Joaillerie

LVMH marche sur les plates-bandes de Richemont

Avec le rachat de Tiffany annoncé lundi pour plus de 16 milliards de dollars, le numéro un mondial du luxe complète son portefeuille. Il vient donc concurrencer le genevois Richemont dans le secteur de la joaillerie haut de gamme

LVMH et Tiffany sont parvenues à un accord annoncé lundi matin dans un communiqué. L’opération de rachat de l’ensemble du capital du joaillier américain s’élève à 16,2 milliards de dollars (16,16 milliards de francs), soit 135 dollars par action, et doit être clôturée d’ici à la mi-2020. Avec ce rachat, le groupe français vient se positionner à la hauteur de Richemont dans le secteur de la joaillerie haut de gamme, un des seuls où il n’occupait pas encore la première place en termes de parts de marché.

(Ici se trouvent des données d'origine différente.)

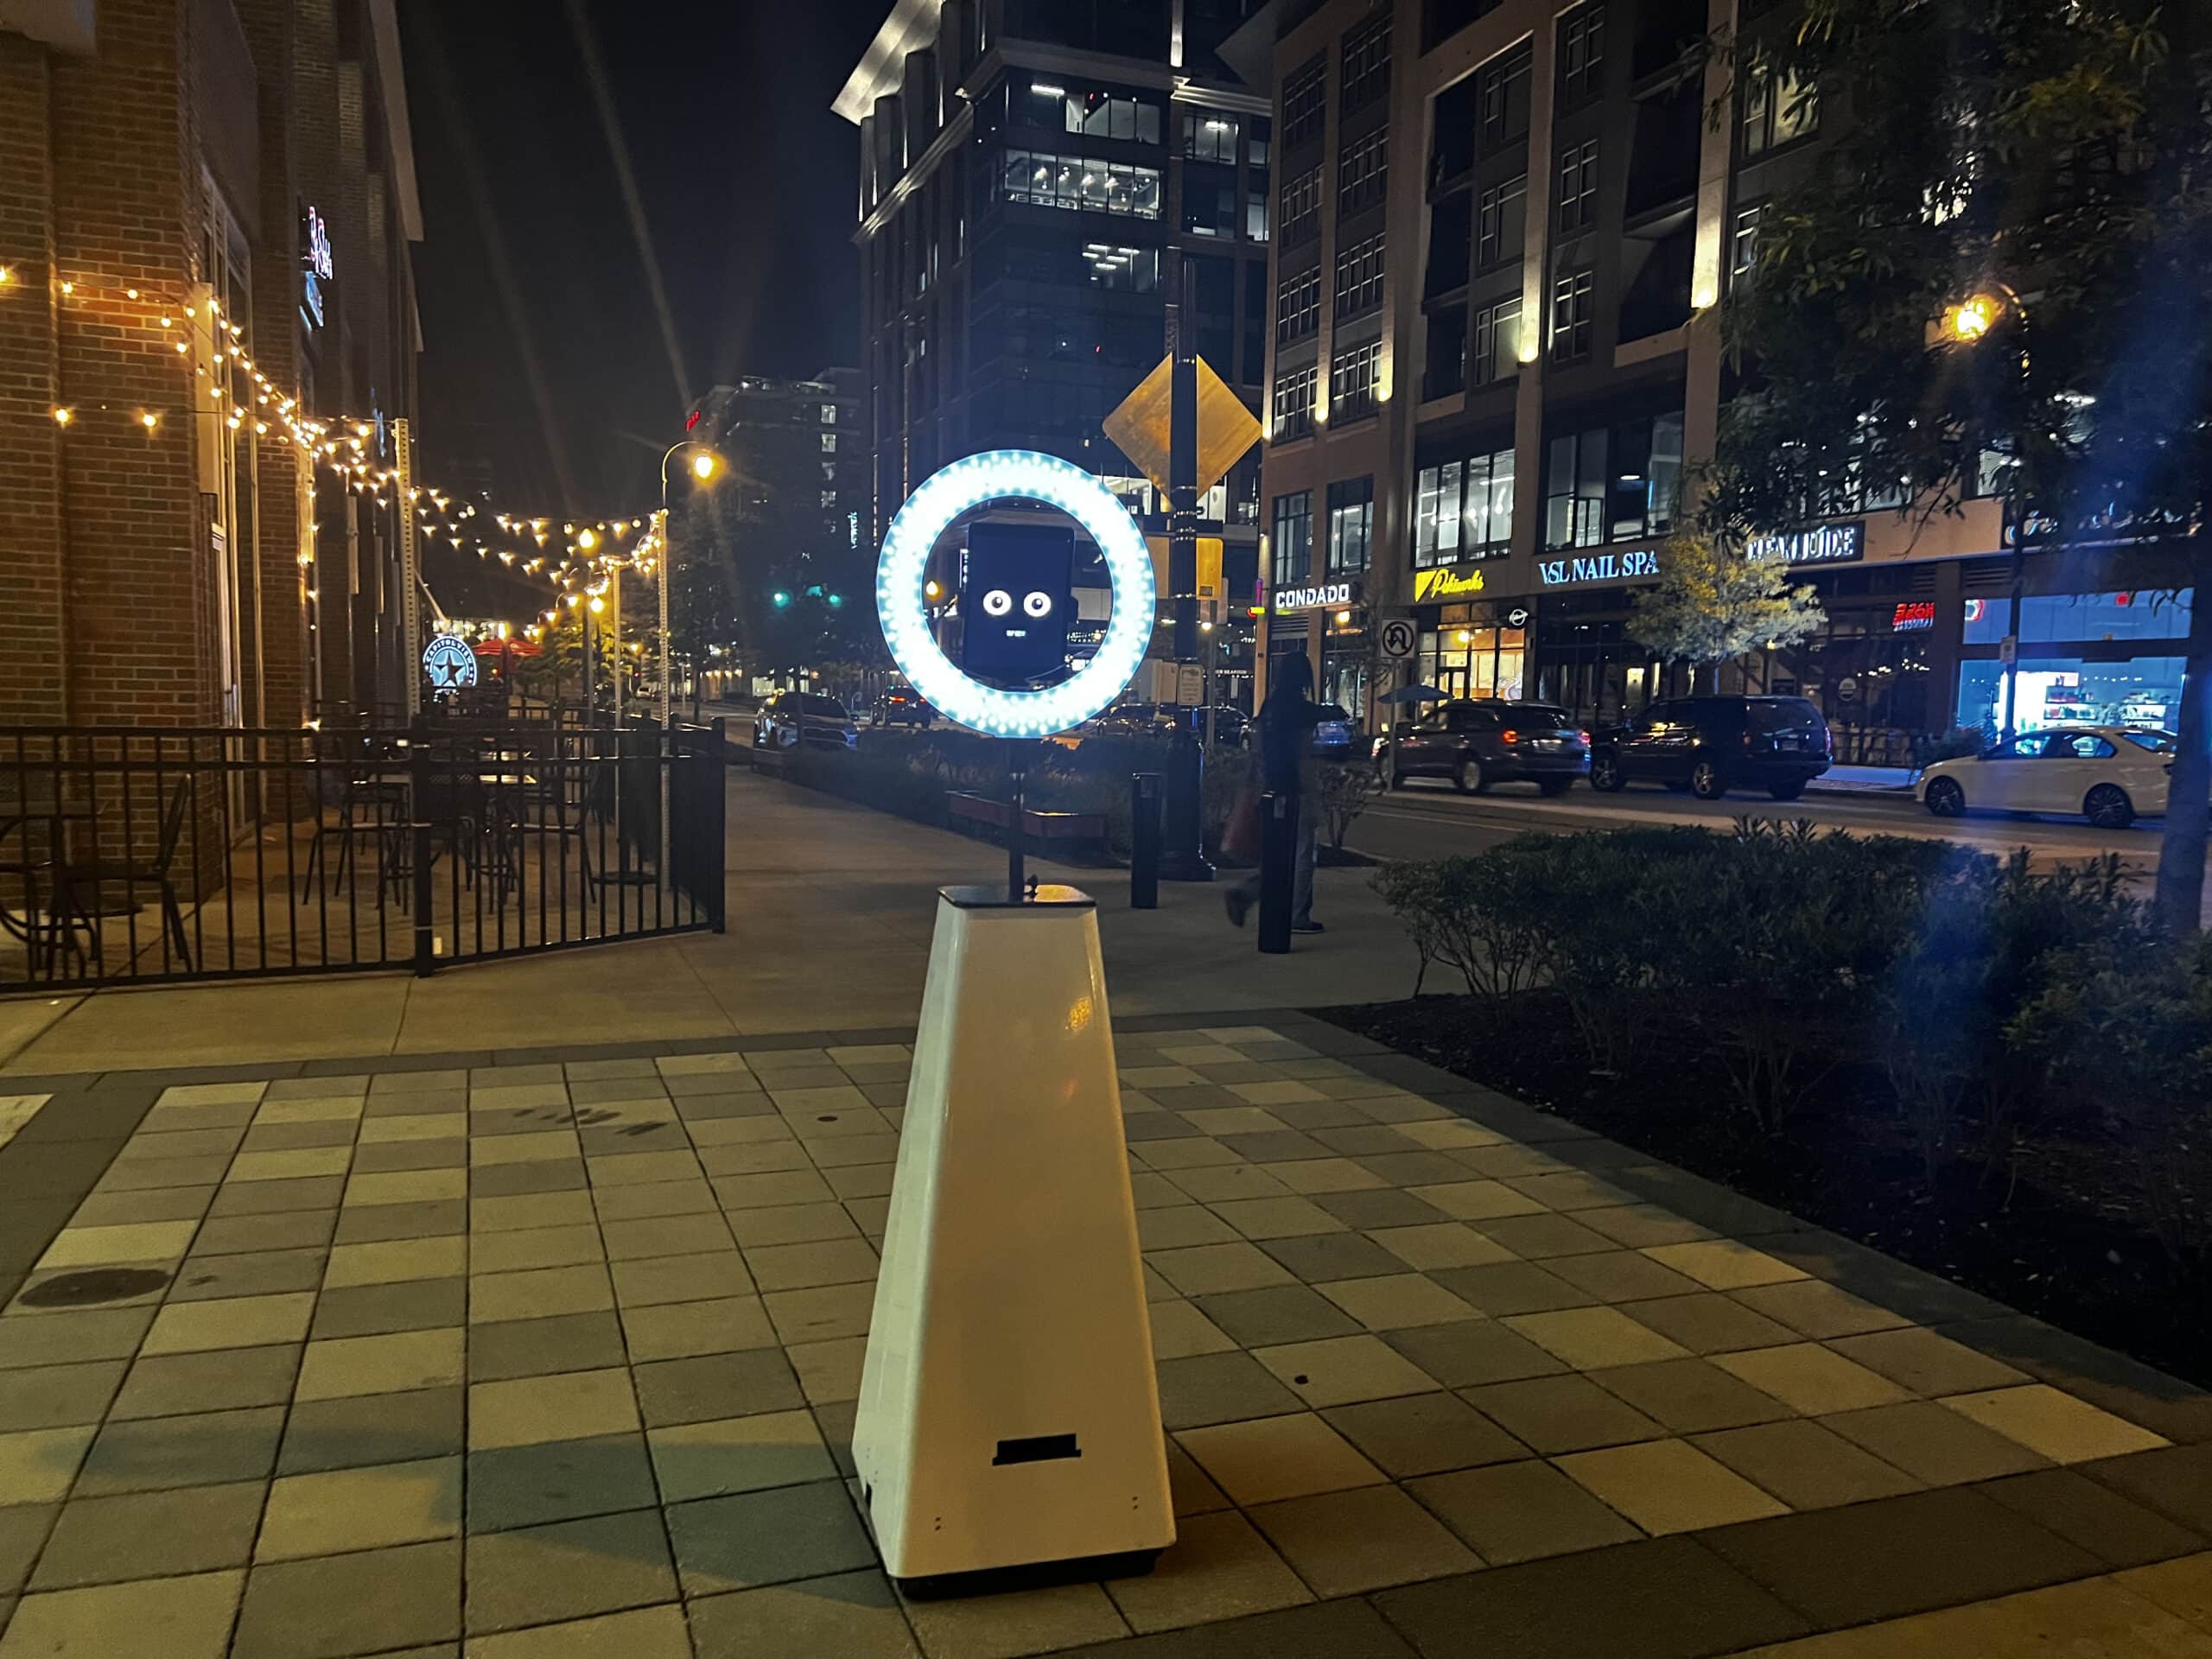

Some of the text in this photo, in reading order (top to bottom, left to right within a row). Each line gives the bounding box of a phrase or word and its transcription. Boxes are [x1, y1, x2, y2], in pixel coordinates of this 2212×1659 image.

[1538, 550, 1660, 585] VSL NAIL SPA
[1275, 583, 1350, 608] CONDADO
[426, 639, 473, 664] CAPITOL VIEW

Il s’agit de la plus grosse somme déboursée par le groupe de Bernard Arnault pour une acquisition. Une première offre mise sur la table en octobre pour un montant de 120 dollars par action avait été jugée insuffisante. LVMH n’a donc pas hésité à renchérir pour ajouter Tiffany à son portefeuille qui contient déjà les marques de joailleries Bulgari (rachetée en 2011) et Chaumet (rachetée en 1999).